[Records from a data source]
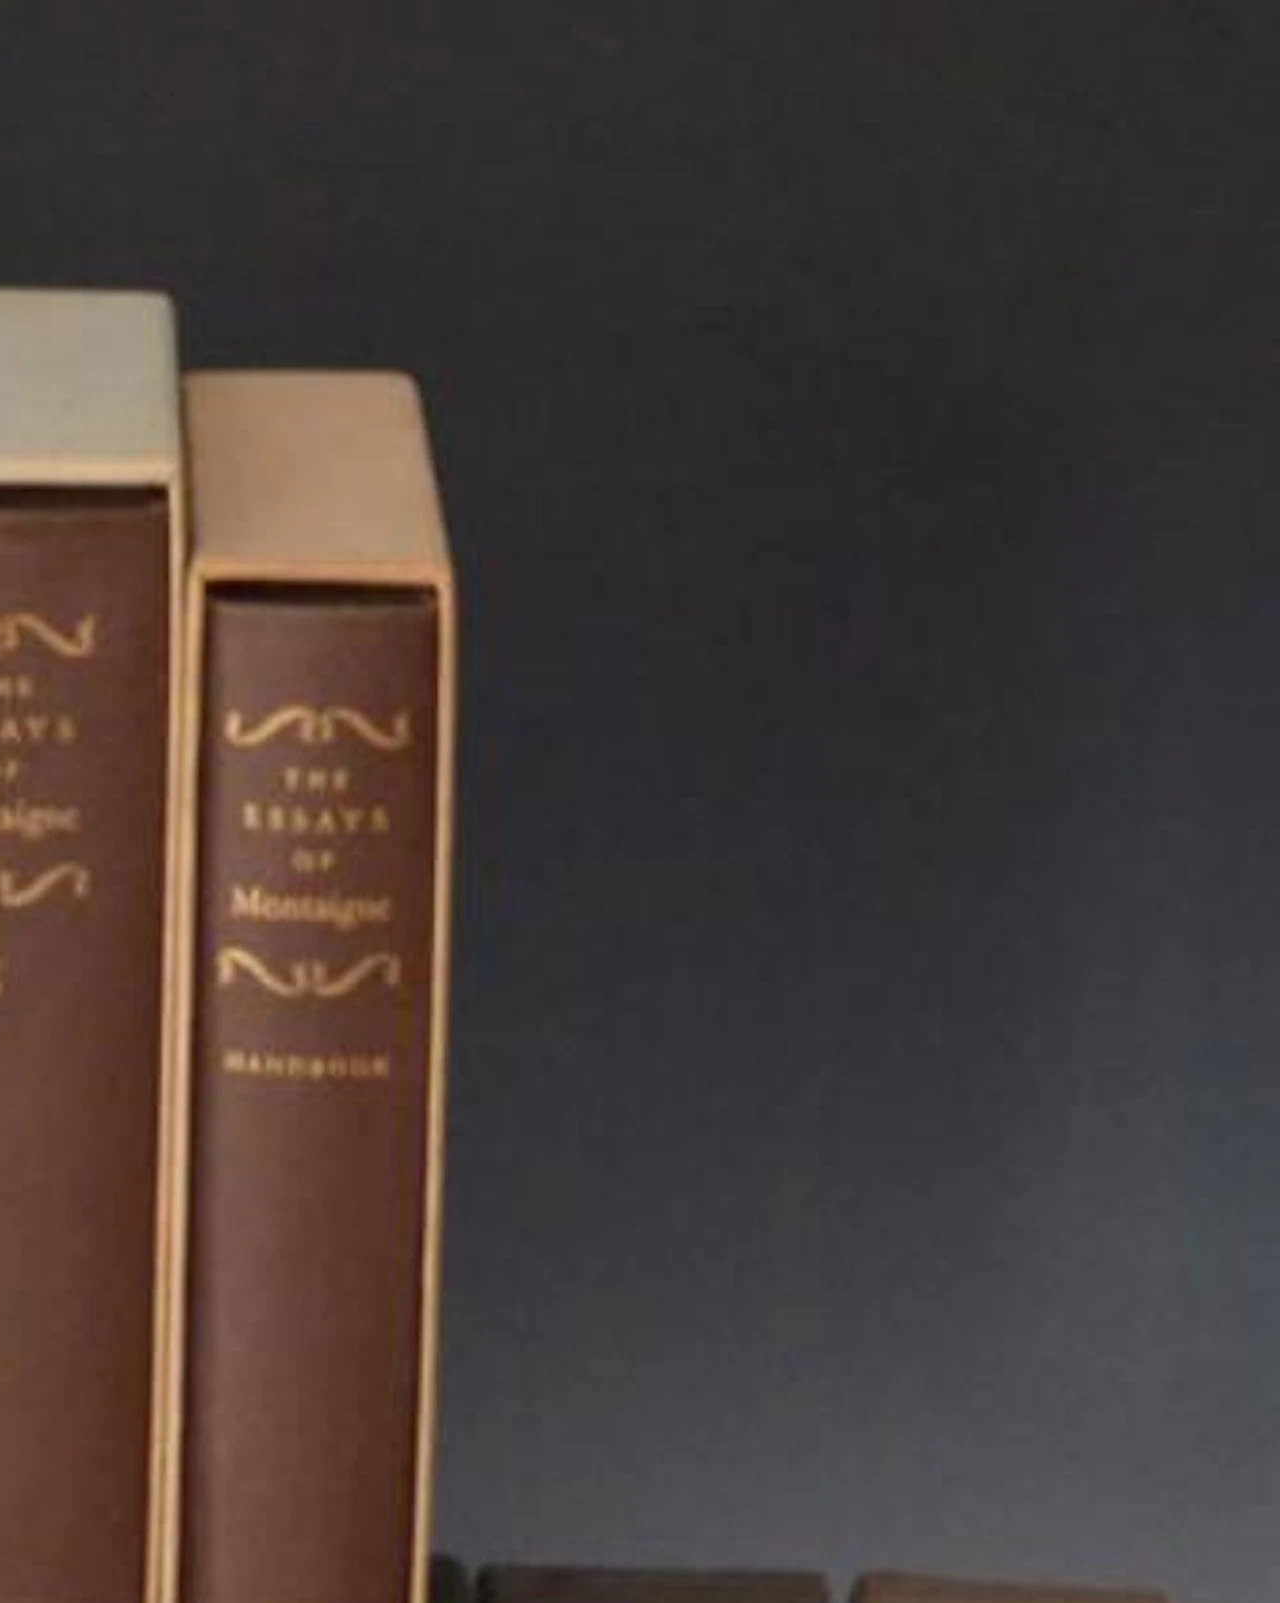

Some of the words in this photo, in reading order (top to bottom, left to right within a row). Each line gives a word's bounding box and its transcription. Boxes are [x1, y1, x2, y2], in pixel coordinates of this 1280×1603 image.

[283, 768, 350, 790] THE
[243, 805, 389, 832] ESSAYS
[293, 850, 335, 872] OF
[231, 887, 390, 927] Montaigne
[221, 1052, 390, 1078] HANDBOOK
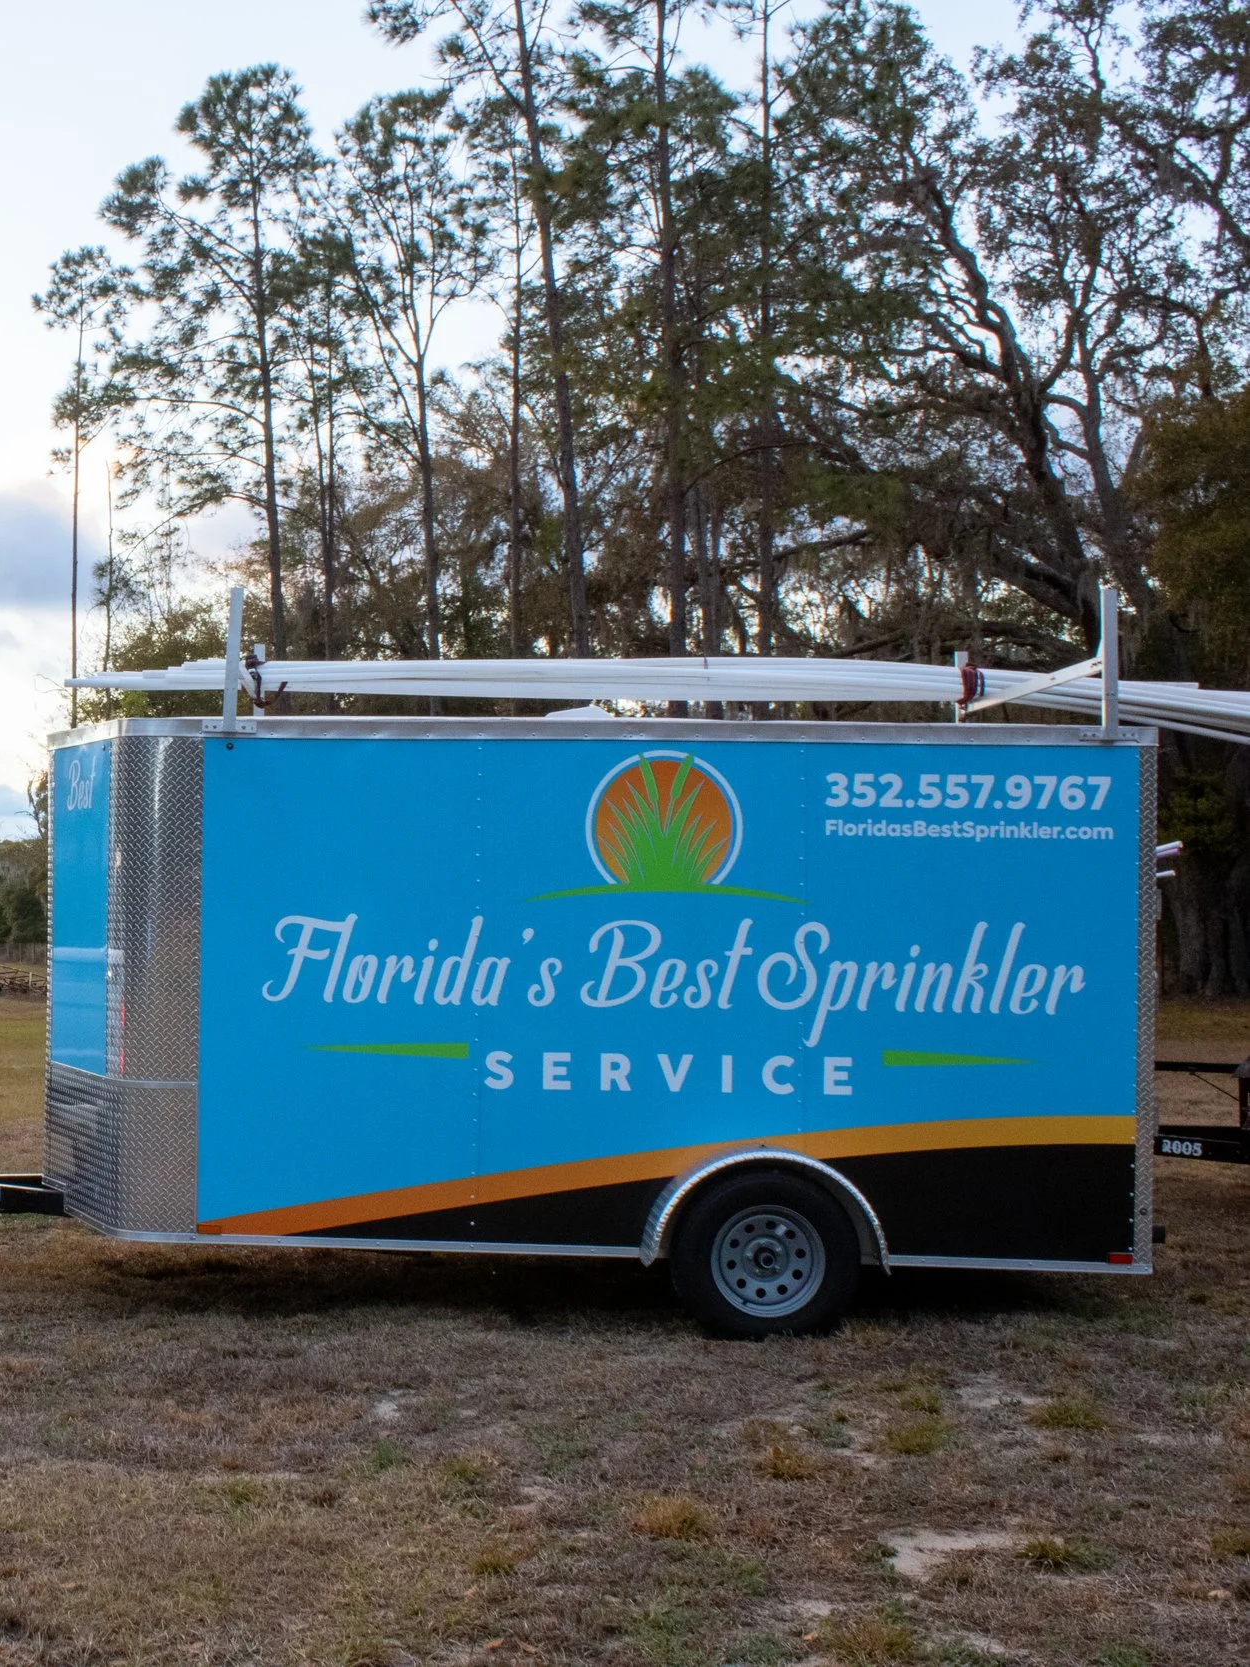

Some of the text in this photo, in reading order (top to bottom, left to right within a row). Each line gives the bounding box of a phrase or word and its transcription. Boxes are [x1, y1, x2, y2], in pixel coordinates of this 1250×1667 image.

[66, 755, 97, 811] Best
[826, 773, 1112, 810] 352.557.9767
[825, 819, 1114, 842] FloridasBestSprinkler.com
[262, 912, 1086, 1048] Florida's Best Sprinkler
[485, 1050, 853, 1095] SERVICE

■ **PROBLEM TO SOLVE**: Your copy should match the records above exactly, except that it contains no pictures.

■ **FINISHED TASK**:
Some of the words in this photo, in reading order (top to bottom, left to right within a row). Each line gives a word's bounding box and its transcription. Boxes are [x1, y1, x2, y2], in pixel coordinates of this 1280×1603 image.

[283, 768, 350, 790] THE
[243, 805, 389, 832] ESSAYS
[293, 850, 335, 872] OF
[231, 887, 390, 927] Montaigne
[221, 1052, 390, 1078] HANDBOOK

Some of the text in this photo, in reading order (top to bottom, left to right within a row). Each line gives the bounding box of a phrase or word and its transcription. Boxes are [x1, y1, x2, y2], in pixel coordinates of this 1250×1667 image.

[66, 755, 97, 811] Best
[826, 773, 1112, 810] 352.557.9767
[825, 819, 1114, 842] FloridasBestSprinkler.com
[262, 912, 1086, 1048] Florida's Best Sprinkler
[485, 1050, 853, 1095] SERVICE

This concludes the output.